I stared thinking about what maybe could have caused this drastic increase in my anxiety and it finally occurred to me that one particular recent event pushed me over the edge. This girl that I have been friendzoned with for over 20 years and which has always been out of my league finally showed some “more then friends” affection to me one night when she was drunk. Since then I haven’t even brought it up or spoken to her about it because I don’t know if she meant it and I’m terrified of asking her the question that needs to be asked. At least, the question that needs to be asked for us(or atleast me) to be comfortably friends again. This made me realize something serious about my life. I’’m terrified of ever being truly honest with anyone about anything. I realized that all the coldness and aloness that I’ve been through over these last 10 years going through panic attacks, dp/dr, and major social anxiety has made me put myself in a place where I am too scared to be honest about my feelings with any body. I’ve gotten so used to struggling alone that I’ve subconsciously aliened myself from being open. Fearing judgement or lack of understanding about my struggles. This has truly damaged me as a person. I realized I sometimes even have trouble telling a stranger what type of condiments I actually like out of fear of them not agreeing with my choice. As if me having a conflicting opinion to what they like would be wrong, and I only wanna say what they would agree with.
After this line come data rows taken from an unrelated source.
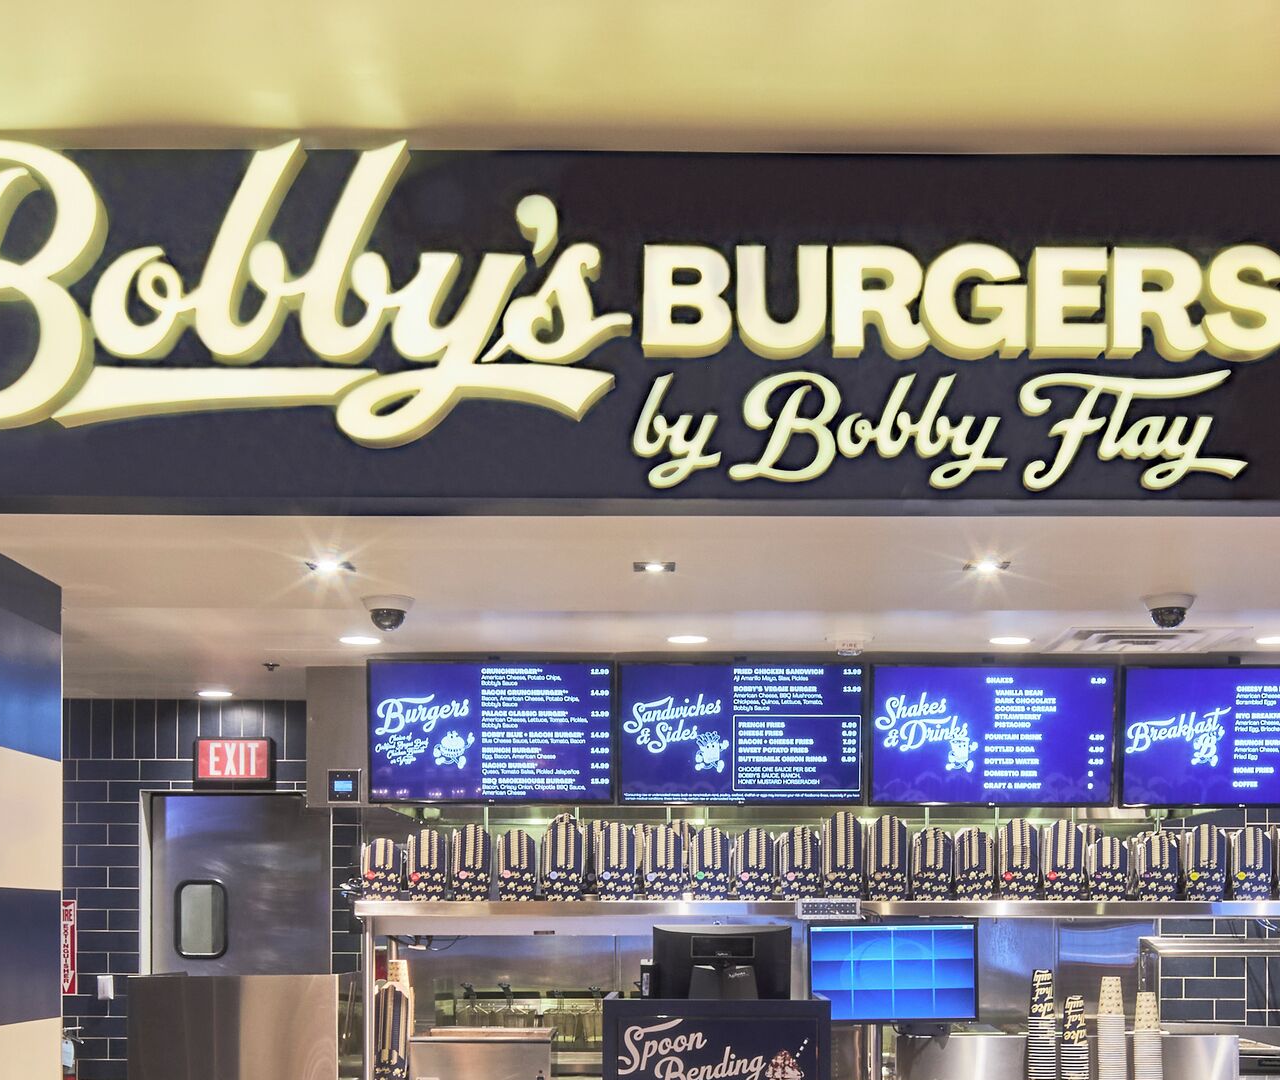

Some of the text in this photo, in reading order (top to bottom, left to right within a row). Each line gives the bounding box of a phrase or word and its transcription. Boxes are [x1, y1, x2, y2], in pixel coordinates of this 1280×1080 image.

[631, 368, 1248, 491] by Bobby Flay
[375, 693, 470, 736] Burgers
[623, 693, 722, 734] Sandwiches
[875, 691, 947, 731] Shakes
[1125, 706, 1232, 753] Breakfast
[636, 719, 698, 753] & Sides
[883, 716, 968, 752] & Drinks
[209, 742, 259, 776] EXIT
[618, 1018, 707, 1076] Spoon
This all comes from the fact that no one in my life truly knows me anymore. My parents have no idea what I go through every day and I fear telling them out of lack of understandment or judgement, my friends all don’t understand why I struggle to hold a job on what looks like a “kush schedule” to them and why I have to live at home with my parents at 26 years old. Nor do they get why I constantly push the opportunity to date away like it’s the plague.(I’ve been single my entire life and have always feared rejection). I feel like I’ve been fading away from having any joy in all interactions with other people for years because I’ve lost the ability to actually relate my honest feelings.
My inability to be truly honest with anyone in my life about what I’m going through has just made me more alone and afraid then anything in my life before, and I’m finally at my breaking point. I believe now that if I can find the strength to start speaking my true thoughts more I’ll maybe, MAYBE, start to have an outlet for things and stop feeling like I’m going so insane. Why is it so hard to be honest with people?
Maybe it helps to realize that not being honest about your struggles causes people to fail to understand you and judge you. So there's nothing to lose: the worst case scenario for telling people is just a different type of misunderstanding and judging, and the more likely case is some of them will come to understand you better.